### Import y data and packages

In [1]:
import numpy as np # linear algebra
import pandas as pd # data processing, CSV file I/O (e.g. pd.read_csv)

import matplotlib.pyplot as plt
%matplotlib inline
from PIL import Image
from scipy.misc import imread


In [2]:
train_labels = pd.read_csv("../Data/train.csv")

In [3]:
label_names = {
    0:  "Nucleoplasm",  
    1:  "Nuclear membrane",   
    2:  "Nucleoli",   
    3:  "Nucleoli fibrillar center",   
    4:  "Nuclear speckles",
    5:  "Nuclear bodies",   
    6:  "Endoplasmic reticulum",   
    7:  "Golgi apparatus",   
    8:  "Peroxisomes",   
    9:  "Endosomes",   
    10:  "Lysosomes",   
    11:  "Intermediate filaments",   
    12:  "Actin filaments",   
    13:  "Focal adhesion sites",   
    14:  "Microtubules",   
    15:  "Microtubule ends",   
    16:  "Cytokinetic bridge",   
    17:  "Mitotic spindle",   
    18:  "Microtubule organizing center",   
    19:  "Centrosome",   
    20:  "Lipid droplets",   
    21:  "Plasma membrane",   
    22:  "Cell junctions",   
    23:  "Mitochondria",   
    24:  "Aggresome",   
    25:  "Cytosol",   
    26:  "Cytoplasmic bodies",   
    27:  "Rods & rings"
}

# reverse_train_labels = dict((v,k) for k,v in label_names.items())

One hot encode y

In [4]:
for key in label_names.keys():
    train_labels[label_names[key]] = 0
    
def fill_targets(row):
    row.Target = np.array(row.Target.split(" ")).astype(np.int)
    for num in row.Target:
        name = label_names[int(num)]
        row.loc[name] = 1
    return row


train_labels = train_labels.apply(fill_targets, axis=1)

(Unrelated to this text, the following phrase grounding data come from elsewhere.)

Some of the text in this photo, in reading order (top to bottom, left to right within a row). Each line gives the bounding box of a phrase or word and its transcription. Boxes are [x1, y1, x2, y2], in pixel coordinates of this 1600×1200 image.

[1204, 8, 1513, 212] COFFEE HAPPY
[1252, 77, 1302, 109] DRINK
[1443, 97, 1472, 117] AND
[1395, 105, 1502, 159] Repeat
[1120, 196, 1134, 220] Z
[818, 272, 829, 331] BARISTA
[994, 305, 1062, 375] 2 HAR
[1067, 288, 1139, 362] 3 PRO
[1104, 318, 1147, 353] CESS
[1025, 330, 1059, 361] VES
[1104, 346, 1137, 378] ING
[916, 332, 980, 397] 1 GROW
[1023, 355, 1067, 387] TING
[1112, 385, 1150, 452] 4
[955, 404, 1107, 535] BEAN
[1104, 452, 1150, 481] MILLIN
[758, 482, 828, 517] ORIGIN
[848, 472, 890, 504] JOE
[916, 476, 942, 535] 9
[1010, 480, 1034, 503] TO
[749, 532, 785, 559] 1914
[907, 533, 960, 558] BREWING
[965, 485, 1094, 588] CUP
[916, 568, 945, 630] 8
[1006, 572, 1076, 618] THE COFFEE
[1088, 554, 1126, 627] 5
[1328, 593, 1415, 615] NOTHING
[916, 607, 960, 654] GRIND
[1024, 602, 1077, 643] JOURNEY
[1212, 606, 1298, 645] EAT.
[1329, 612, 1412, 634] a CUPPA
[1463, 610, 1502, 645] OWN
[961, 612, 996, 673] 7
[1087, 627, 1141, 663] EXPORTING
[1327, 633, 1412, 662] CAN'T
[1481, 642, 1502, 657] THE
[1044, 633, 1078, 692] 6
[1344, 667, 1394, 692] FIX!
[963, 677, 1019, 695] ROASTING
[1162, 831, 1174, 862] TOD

Count how many samples are in each category and store that in "counts". Then create a new minority label that picks the smallest class for a given sample. We will then stratify based on this lable

In [5]:
y = train_labels
y.columns =['Id', 'Target', 0,1,2,3,4,5,6,7,8,9,10,11,12,13,14,15,16,17,18,19,20,21,22,23,24,25,26,27]
y = y[[0,1,2,3,4,5,6,7,8,9,10,11,12,13,14,15,16,17,18,19,20,21,22,23,24,25,26,27]]

In [6]:
counts = y.sum(axis=0).sort_values(ascending=False).values

In [7]:
minority = []
for label in train_labels['Target']:
    if len(label)==1:
        minority.append(label[0])
    else:
        counts_list = []
        for i in label:
            counts_list.append(counts[i])
        min_index = counts_list.index(min(counts_list))
        minority.append(label[min_index])

In [8]:
train_labels['minority_class'] = minority

### Train/Test Split on minority class

In [9]:
y_split = np.array(train_labels['minority_class'])
X_split = np.zeros(len(y_split)) # Using a dummy X for now

In [10]:
from sklearn.model_selection import StratifiedKFold

folds = StratifiedKFold(n_splits=5, shuffle=True, random_state=47)
ind = folds.split(X_split,y_split)

In [11]:
train_indexes = []
test_indexes = []
for train_index, test_index in ind:
    train_indexes.append(train_index)
    test_indexes.append(test_index)

In [12]:
y_train_minority = [y_split[i] for i in train_indexes[1]]
y_test_minority = [y_split[i] for i in test_indexes[1]]

In [13]:
y_train = y.ix[train_indexes[1]]
y_test = y.ix[test_indexes[1]]

.ix is deprecated. Please use
.loc for label based indexing or
.iloc for positional indexing

See the documentation here:
http://pandas.pydata.org/pandas-docs/stable/indexing.html#ix-indexer-is-deprecated
  """Entry point for launching an IPython kernel.


In [14]:
y_train_target = train_labels.ix[train_indexes[1]]
y_test_target = train_labels.ix[test_indexes[1]]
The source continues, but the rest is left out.